Proposed Solution: Phased Approach

Phase 1: Local-Only with Background Compaction (5-6 days)

Focus on compaction first (see above). This provides immediate value for all deployments.

Phase 2: Hybrid Architecture (5-7 days)

Recommended for most cloud deployments.

┌─────────────────────────────────────────────────────────────┐
│  LOCAL (fast, atomic)                                        │
│  ├── WAL (append-only log, needs low latency)               │
│  ├── IdAllocator (atomic counter, needs atomicity)          │
│  └── L0 Buffer (in-memory, already local)                   │
├─────────────────────────────────────────────────────────────┤
│  OBJECT STORE (S3/GCS/Azure)                                │
│  ├── Lance Datasets (vertices, edges, adjacency)            │
│  ├── Schema (versioned JSON, infrequent writes)             │
│  └── Snapshots (manifest files, infrequent writes)          │
└─────────────────────────────────────────────────────────────┘

Implementation:

pub struct HybridStorageConfig {
    /// Local path for WAL and ID allocation
    pub local_path: PathBuf,

    /// Object store URL for data (s3://bucket/prefix)
    pub data_url: String,

    /// Object store credentials
    pub credentials: Option<ObjectStoreCredentials>,
}

impl UniBuilder {
    /// Configure hybrid storage (local WAL + S3 data)
    pub fn hybrid(
        self,
        local_path: impl AsRef<Path>,
        data_url: &str,
    ) -> Self;
}

// Usage
let db = Uni::hybrid("./local-wal", "s3://my-bucket/graphs/prod")
    .credentials(ObjectStoreCredentials::from_env())
    .build()
    .await?;

Tasks:

Task Effort
HybridStorageConfig 0.5 day
Refactor SchemaManager to use object_store 1 day
Refactor SnapshotManager to use object_store 1 day
Keep WAL and IdAllocator local 0 days (no change)
UniBuilder::hybrid() configuration 0.5 day
Lance dataset URL passthrough 0.5 day
Integration tests with LocalStack/MinIO 1.5 days

Total Phase 2: 5-7 days

Phase 3: Full Object Store (Optional, 5-7 days)
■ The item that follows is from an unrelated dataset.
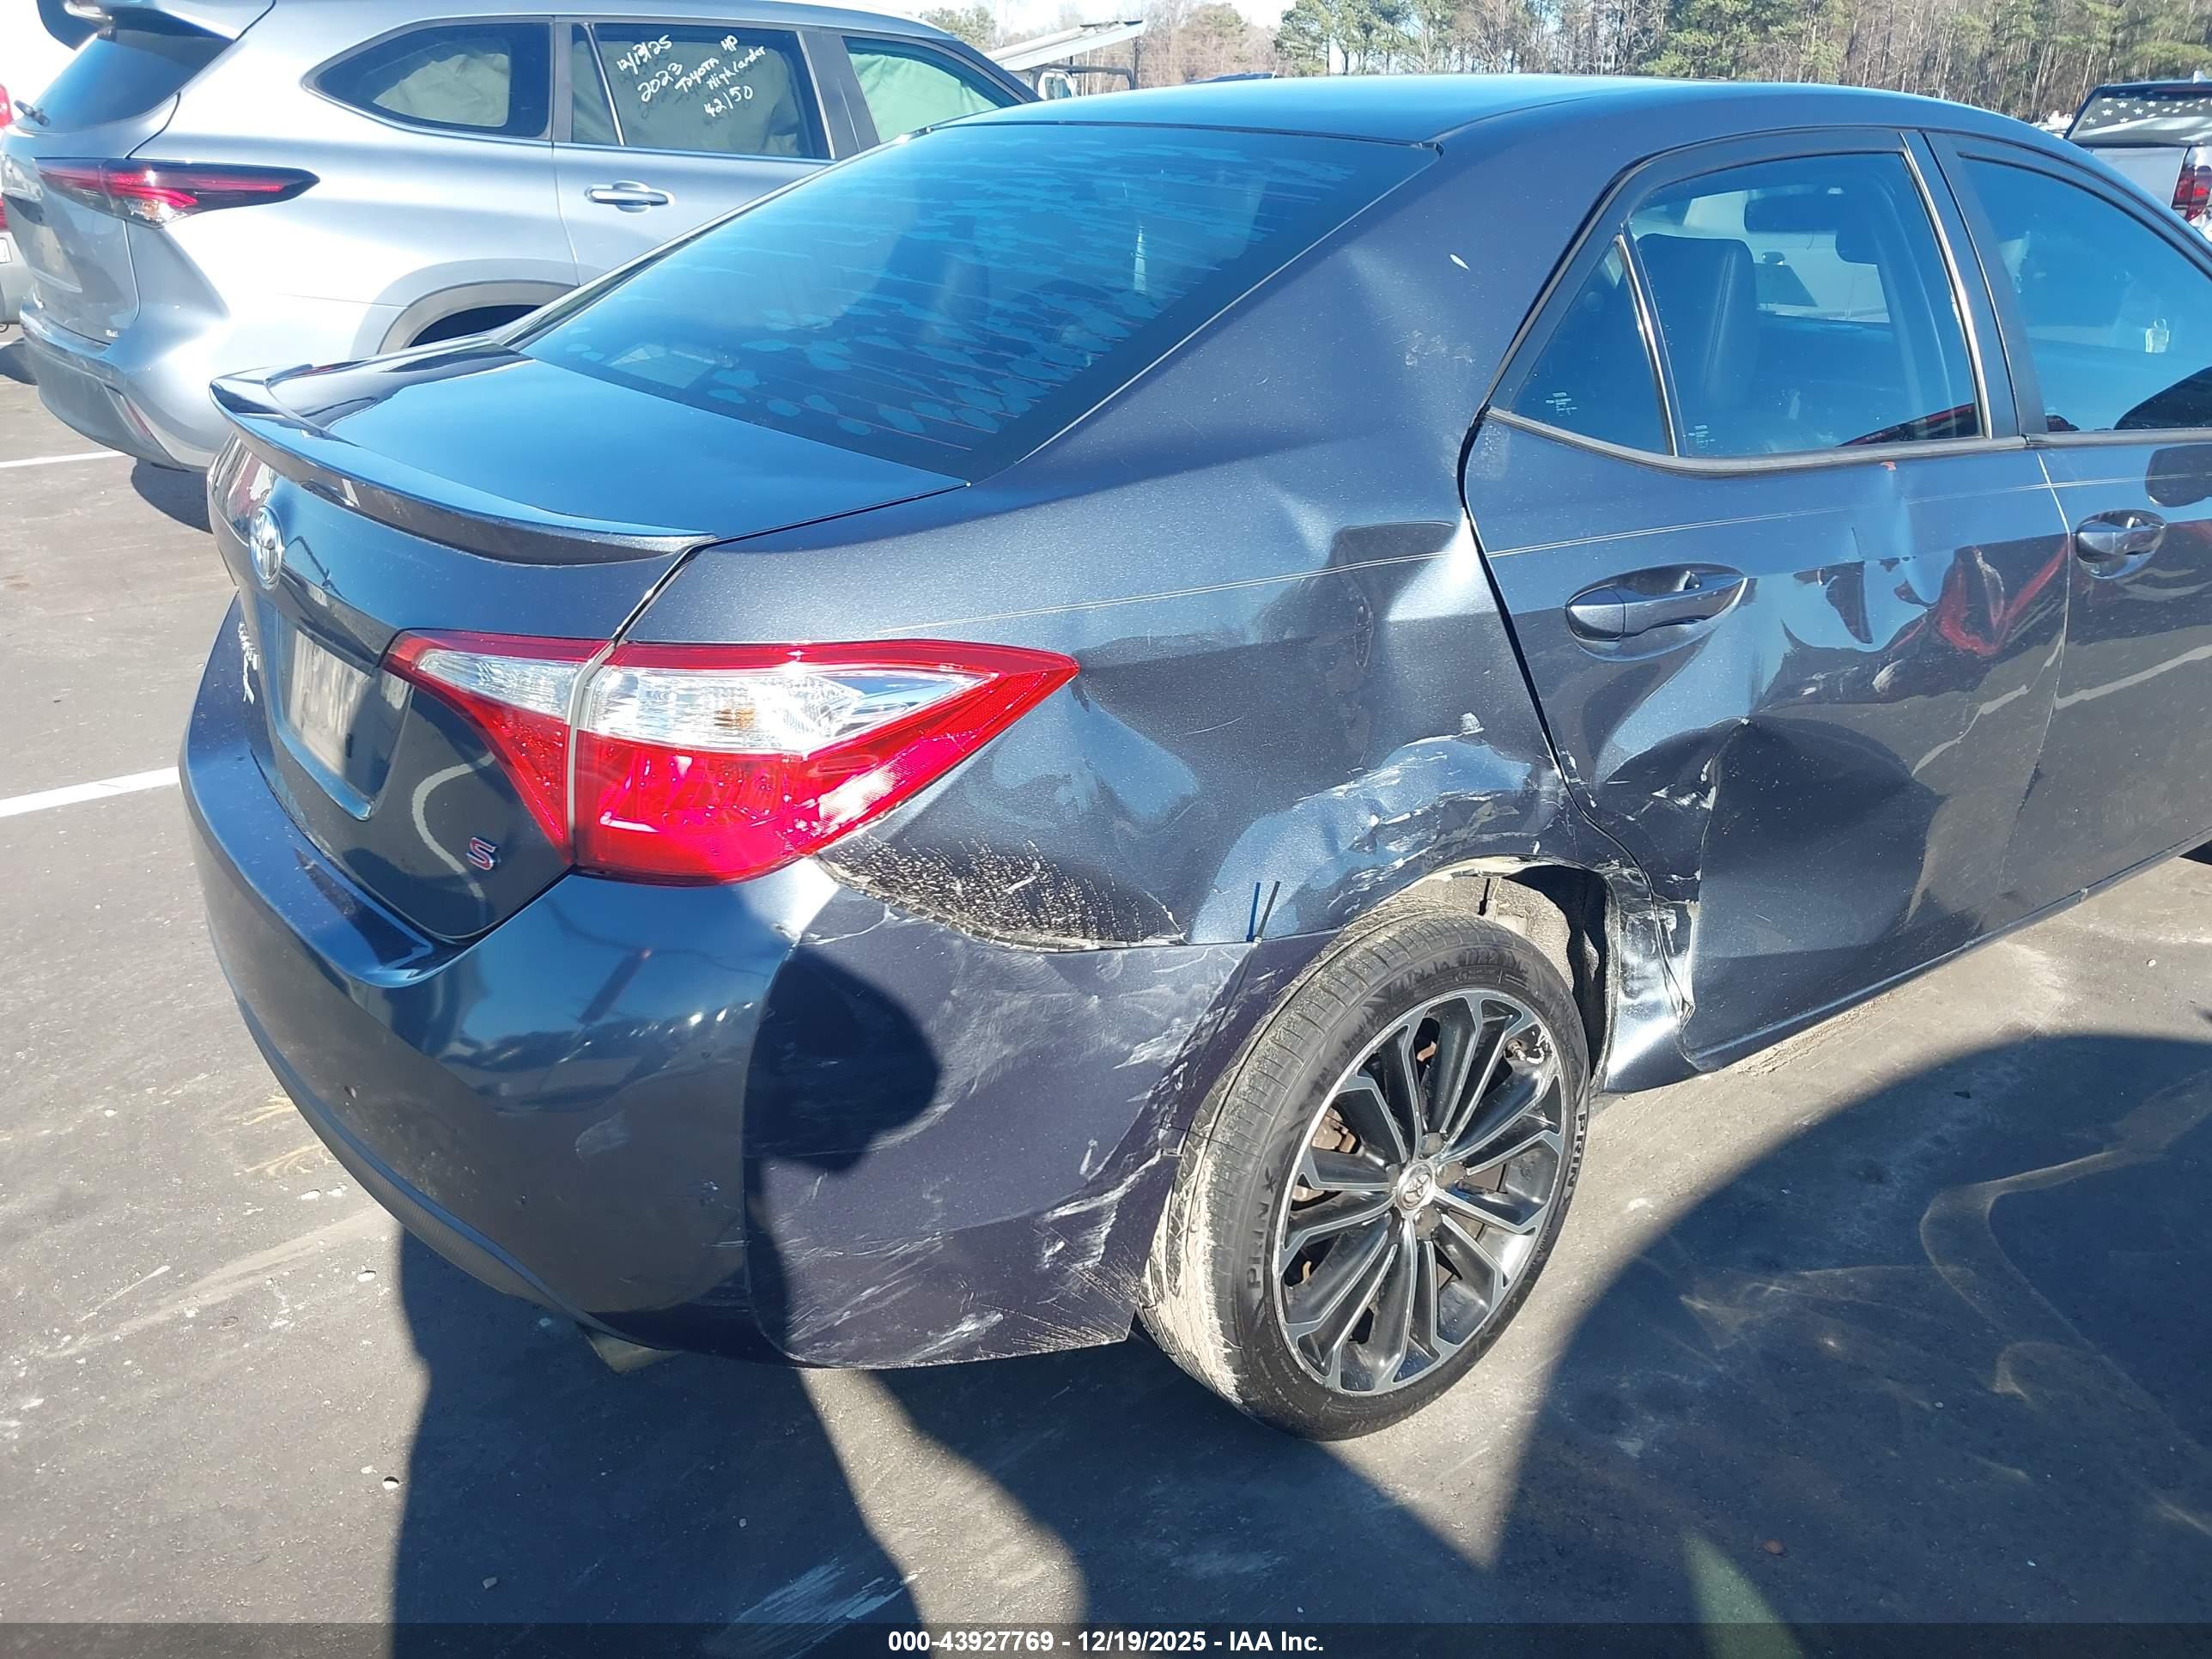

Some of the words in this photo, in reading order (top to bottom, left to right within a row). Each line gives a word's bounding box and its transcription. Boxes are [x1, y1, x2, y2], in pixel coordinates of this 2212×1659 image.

For serverless/ephemeral compute where local storage isn't available.

pub struct FullObjectStoreConfig {
    /// Object store URL for everything
    pub url: String,

    /// Credentials
    pub credentials: ObjectStoreCredentials,

    /// ID allocation strategy
    pub id_strategy: IdAllocationStrategy,

    /// WAL strategy
    pub wal_strategy: WalStrategy,
}

pub enum IdAllocationStrategy {
    /// Use conditional writes with ETag (optimistic locking)
    ConditionalWrite { batch_size: u64 },

    /// Use external coordination service (DynamoDB, etcd)
    External { endpoint: String },
}

pub enum WalStrategy {
    /// Buffer locally, flush segments to object store
    BufferedSegments { segment_size: usize },

    /// Disable WAL (data loss risk on crash)
    Disabled,
}

IdAllocator on S3 (conditional writes):

impl ObjectStoreIdAllocator {
    async fn allocate_batch(&self) -> Result<Range<u64>> {
        loop {
            // Read current counter
            let (current, etag) = self.read_counter_with_etag().await?;
            let new = current + self.batch_size;

            // Conditional write (fails if etag changed)
            match self.conditional_write(new, &etag).await {
                Ok(_) => return Ok(current..new),
                Err(PreconditionFailed) => continue, // Retry
            }
        }
    }
}

WAL on S3 (segment files):

impl ObjectStoreWal {
    async fn append(&mut self, entry: WalEntry) -> Result<()> {
        self.local_buffer.push(entry);

        if self.local_buffer.len() >= self.segment_size {
            // Flush segment to S3
            let segment_name = format!("wal/segment_{:016x}.bin", self.next_segment_id);
            self.store.put(&segment_name, self.serialize_buffer()).await?;
            self.local_buffer.clear();
            self.next_segment_id += 1;
        }
        Ok(())
    }
}

Tasks:

Task Effort
ObjectStoreIdAllocator with conditional writes 1.5 days
ObjectStoreWal with segment flushing 2 days
Recovery logic for WAL segments 1 day
UniBuilder::object_store() configuration 0.5 day
Integration tests 1.5 days

Total Phase 3: 5-7 days

Deployment Recommended Config Effort
Local development Uni::open("./data") Already works
Cloud (EC2/GKE/AKS) Uni::hybrid("./wal", "s3://...") Phase 2
Serverless (Lambda) Uni::object_store("s3://...") Phase 3

Start with Phase 2 (Hybrid) - covers 90% of cloud use cases with less complexity.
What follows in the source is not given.